Photo by Angela Lewis/Times Free Press.

SATURDAY, AUG. 9

Guided Hikes

¦ Unicoi Turnpike Trail at Coker Creek (2.5 miles, easy). Walk through history on the oldest known travel path in the country. The route was part of the Trail of Tears during the removal of the Cherokee people in the 1800s, then the first toll road in America.

¦ Brookshire Creek at Upper Bald River Wilderness Study Area (5 miles, easy). Hike along the crystal clear Bald River about 2.4 miles to an as yet unnamed 15-foot waterfall. When the Tennessee Wilderness Act is passed, the Upper Bald River WSA will be the first new wilderness created in Tennessee since 1986. It will protect the entire Bald River watershed.

¦ Sycamore Creek at Benton MacKaye Trail (4 miles, easy). Hike with local historian Pam Hall Matthews with stops along the way to admire the cascades of Sycamore Creek. She will talk about local legend and lore, and then the group will pay a visit to the Charles Hall museum for a tour by its namesake.

¦ Family Fun Hike for Big and Little Kids Alike (easy). Experience nature using all your senses and discover the great outdoors with naturalist Ben Prater of Wild South and his sons (ages 3 and 5) on a fun-filled adventure in the forest.

Interpretive Hikes:

¦ Mosses, Liverworts, and Hornworts (moderate/strenuous). Discover the miniature plants that blanket the forest floor, rocks and trees. Learn to recognize these three prolific groups and different species of each.

¦ Old Growth Forest at Falls Branch Falls/Jeffrey Hell trails. Hike leader Hugh Irwin of The Wilderness Society will take participants down the path of forest history while exploring the remaining old-growth trees of the Citico Creek Wilderness; talking about the logging history and the devastating fire that ended this chapter and scars on the landscape that are still apparent today.

¦ Stewardship Trip, Brushing Jeffrey's Hell (4 miles, moderate/strenuous). This stewardship day led by Southern Appalachian Wilderness Stewards will involve brushing annual vegetation growth from the trail corridor along the first two miles of the Jeffrey Hell Trail. Tools, safety instruction and personal protective equipment will be provided.

OTHER EVENTS

¦ Standup Paddleboarding 101 at Indian Boundary Lake. Learn the basics of Standup Paddleboarding with a skilled instructor from Rock/Creek, Chattanooga. Participants will learn how to get up on the board, stay up on the board and do some basic maneuvers on Indian Boundary Lake. All equipment and instruction are furnished.

¦ Tellico Plains Trail Town Designation ceremony. Starts at 5:30 p.m. in the Outpost Pavilion Tent, Cherohala Skyway, Tellico Plains.

SUNDAY, AUG. 10

Guided Hikes

¦ Bald River Gorge (9 miles, moderate). One of the most scenic trails in the area was once a railroad track for trains to haul huge logs down to Tellico Plains during the early logging days. Now the gorge is a protected wilderness with wondrous trees that have regrown since the last logging 100 years ago.

¦ Mill Branch/Fodderstack/Crowder Branch Loop (7 miles, strenuous). This hike shows off two beautiful valleys of the Citico Creek Wilderness high-ridge walk of over a mile, a cross-section of Southern Appalachian wilderness.

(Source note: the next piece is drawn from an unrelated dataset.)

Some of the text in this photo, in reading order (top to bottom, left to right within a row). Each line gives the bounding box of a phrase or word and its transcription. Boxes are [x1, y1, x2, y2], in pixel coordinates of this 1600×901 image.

¦ Simply Better Pictures - Tips, Tricks and Techniques (easy). No need for fancy equipment! This guided hike offers simple tips and techniques for taking better pictures with a point-and-shoot or smartphone.

OTHER EVENTS

¦ Standup Paddleboarding 101 at Indian Boundary Lake. Learn the basics of Standup Paddleboarding with a skilled instructor from Rock/Creek, Chattanooga. Participants will learn how to get up on the board, stay up on the board and do some basic maneuvers on Indian Boundary Lake. All equipment and instruction are furnished.

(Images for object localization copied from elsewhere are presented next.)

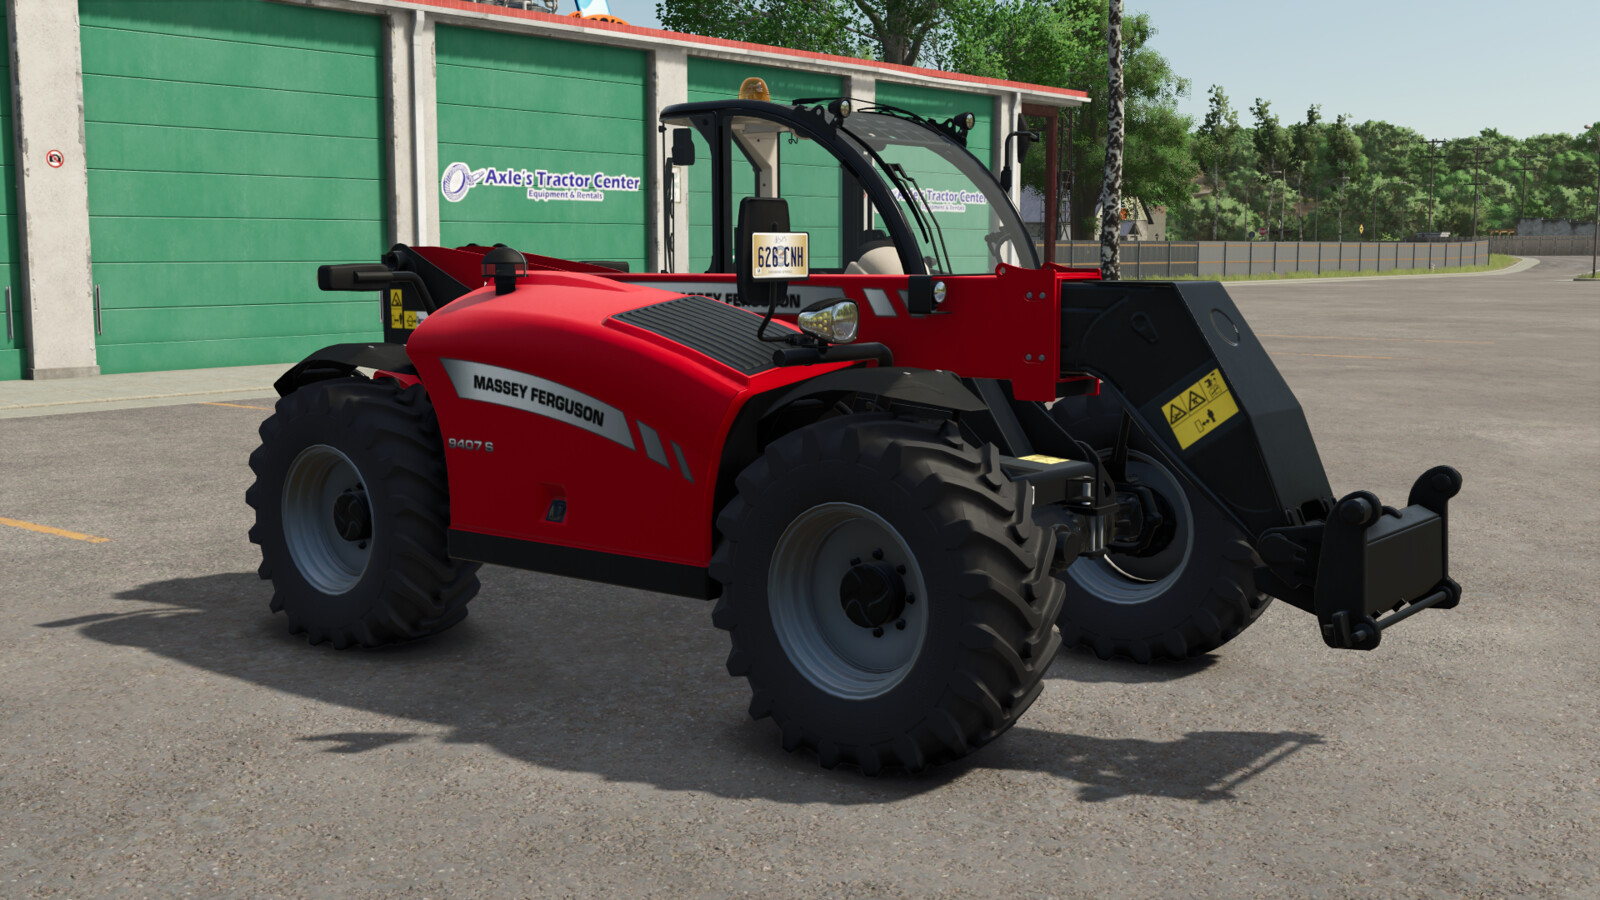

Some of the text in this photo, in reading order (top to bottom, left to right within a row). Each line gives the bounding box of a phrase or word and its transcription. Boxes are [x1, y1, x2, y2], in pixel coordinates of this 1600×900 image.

[485, 169, 640, 190] Axle's Tractor Center
[528, 189, 568, 199] Equipment
[577, 191, 603, 199] Rentals
[927, 190, 958, 202] Tractor
[758, 246, 803, 268] 626 CNH
[473, 374, 605, 427] MASSEY FERGUSON
[448, 437, 494, 452] 9407 S

¦ Snorkel Citico Creek. Citico Creek, one of the most biologically rich temperate creeks in the United States, contains more species of fish than the entire Colorado River watershed. Participants will explore the chilly water with wetsuit, snorkel and mask provided by the Forest Service. Expert guides will point out species of fish, turtles, amphibians and other critters that live in mountain rivers and creeks.